Content starts

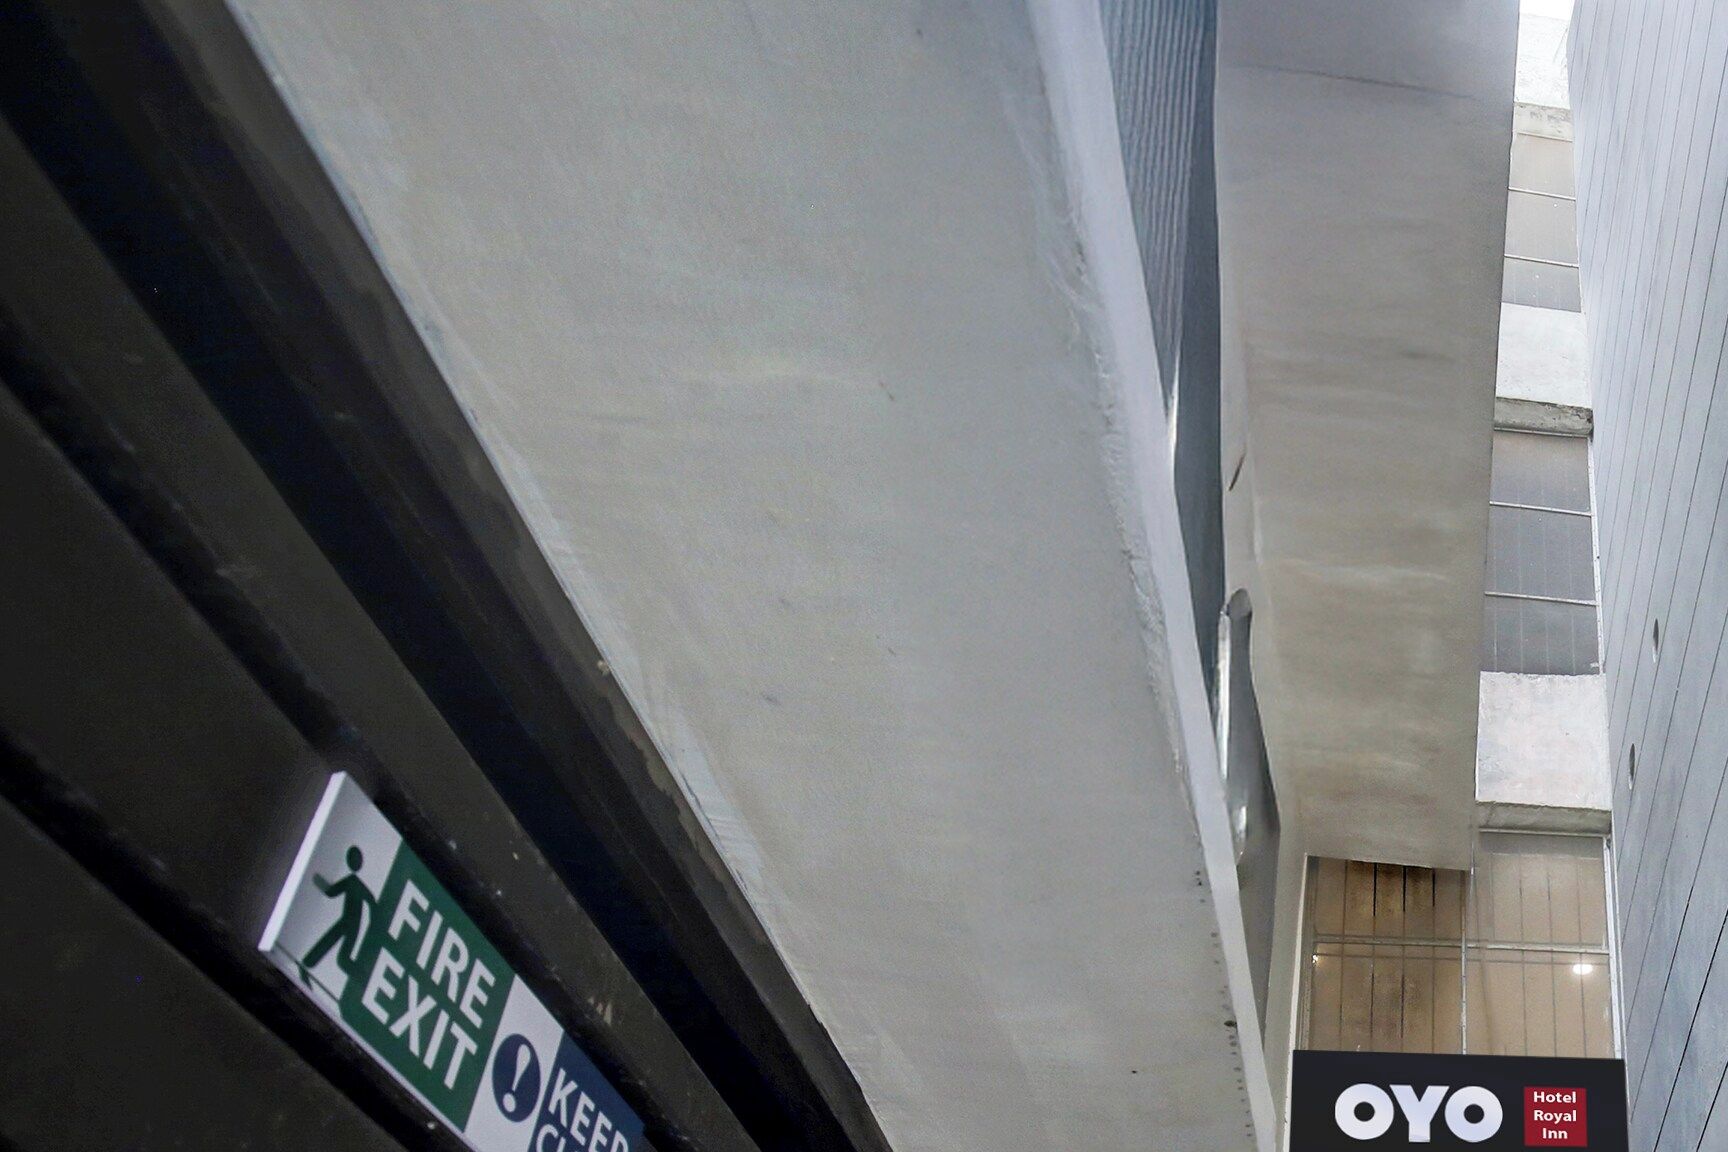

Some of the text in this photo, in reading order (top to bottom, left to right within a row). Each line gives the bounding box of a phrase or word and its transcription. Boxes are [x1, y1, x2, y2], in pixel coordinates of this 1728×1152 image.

[387, 879, 496, 1029] FIRE
[361, 946, 478, 1090] EXIT
[1335, 1083, 1503, 1143] OYO
[1533, 1091, 1577, 1103] Hotel
[1533, 1109, 1577, 1125] Royal
[1542, 1127, 1568, 1139] Inn

Content ends

▶ _Work order_
Drop the pictures; repeat the listing above exactly.

▶ _Exercise solution_
Some of the text in this photo, in reading order (top to bottom, left to right within a row). Each line gives the bounding box of a phrase or word and its transcription. Boxes are [x1, y1, x2, y2], in pixel coordinates of this 1728×1152 image.

[387, 879, 496, 1029] FIRE
[361, 946, 478, 1090] EXIT
[1335, 1083, 1503, 1143] OYO
[1533, 1091, 1577, 1103] Hotel
[1533, 1109, 1577, 1125] Royal
[1542, 1127, 1568, 1139] Inn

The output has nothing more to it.